Keith and Ros Wiley had shut the garden for the past two years in order to start building their house and are still only open for very limited days but it is worth planning a trip around those days. It was interesting to see the way in which the building of the house gave a central heart to what is a private and very personal garden. But also, we knew we were looking at a situation where the owners’ energies had largely been going into the house in recent times. The garden hadn’t expanded physically into the remaining areas that had already been prepared when we visited in 2014. It will happen at some stage, I am sure. The existing plantings had filled out and softened in the intervening time.
A plant collector is one for whom the thrill of acquisition and ownership of plants is an end in itself. A plantsperson is one who not only knows what plants are special, but also how to grow them and feature them to advantage. Sometimes a really good gardener is also a top plantsperson and they don’t come much better than Keith Wiley. He finds plants fascinating. He collects plants. He knows how to grow them well, even very difficult material. And he gardens with a huge range.
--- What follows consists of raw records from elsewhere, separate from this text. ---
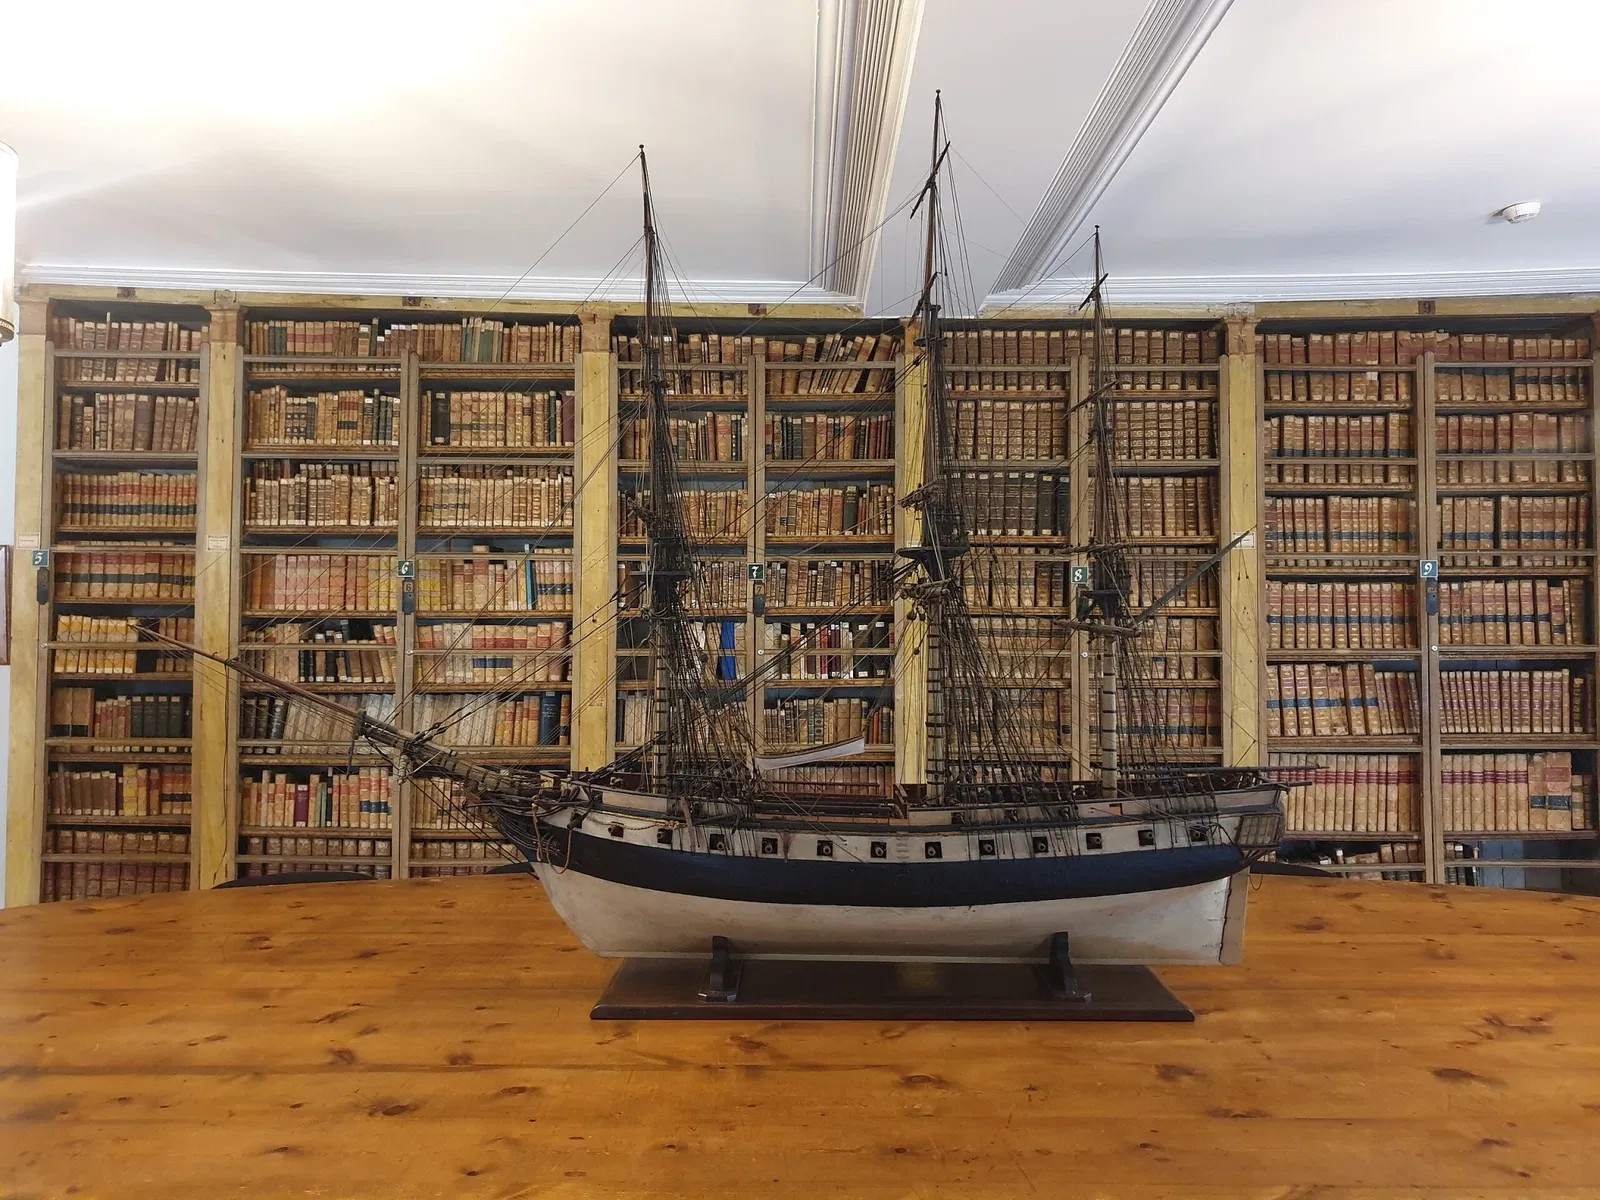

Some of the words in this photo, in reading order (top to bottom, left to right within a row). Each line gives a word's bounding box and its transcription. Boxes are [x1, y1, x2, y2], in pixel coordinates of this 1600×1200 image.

[1423, 301, 1431, 314] 9
[34, 551, 43, 565] 5
[401, 561, 410, 575] 6
[751, 565, 760, 579] 7
[1074, 568, 1083, 582] 8
[1423, 562, 1433, 576] 9
[405, 583, 412, 591] 6
Wildside has been sculpted from a 4 acre, near flat paddock like this one next door
It is even more remarkable when you consider that Wiley started work with a near flat block of land. He has not only manipulated the contour to create a landscape of hills, hollows, banks and even the odd ravine, he has managed the depth of soil and its composition appropriate to the plants he wants to grow. From the start, his planning was to accommodate communities of plants – to create different ecosystems within the garden to enable growing a wide range of different plants.
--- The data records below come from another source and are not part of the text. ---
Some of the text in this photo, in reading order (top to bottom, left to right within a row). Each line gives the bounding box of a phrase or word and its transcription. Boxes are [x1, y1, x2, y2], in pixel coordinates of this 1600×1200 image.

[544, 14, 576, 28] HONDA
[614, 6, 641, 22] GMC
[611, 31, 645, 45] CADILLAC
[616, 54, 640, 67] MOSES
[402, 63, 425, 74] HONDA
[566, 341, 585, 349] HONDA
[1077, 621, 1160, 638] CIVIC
Like an Impressionist painting
If you are not much interested in plants themselves, you can admire the scenes he composes These can be like Impressionist paintings though perhaps more Georges Seurat and pointillism than Monet. I am sure it is no coincidence that Ros Wiley is also a painter who prefers flowers and landscape as her subjects. But we are interested in the plants and plant combinations as well. Presumably Wiley has one of the most comprehensive collections of dieramas (angel’s fishing rods) around but they are used throughout and not all concentrated in one block, as “national collections” are usually displayed. We were in the wrong season for the erythroniums for which this garden is renowned but it also has extensive collections of different daphnes, cyclamen, Japanese maples, kniphofia, roscoeas, agapanthus and a host of other bulbs, perennials and smaller growing woody plants.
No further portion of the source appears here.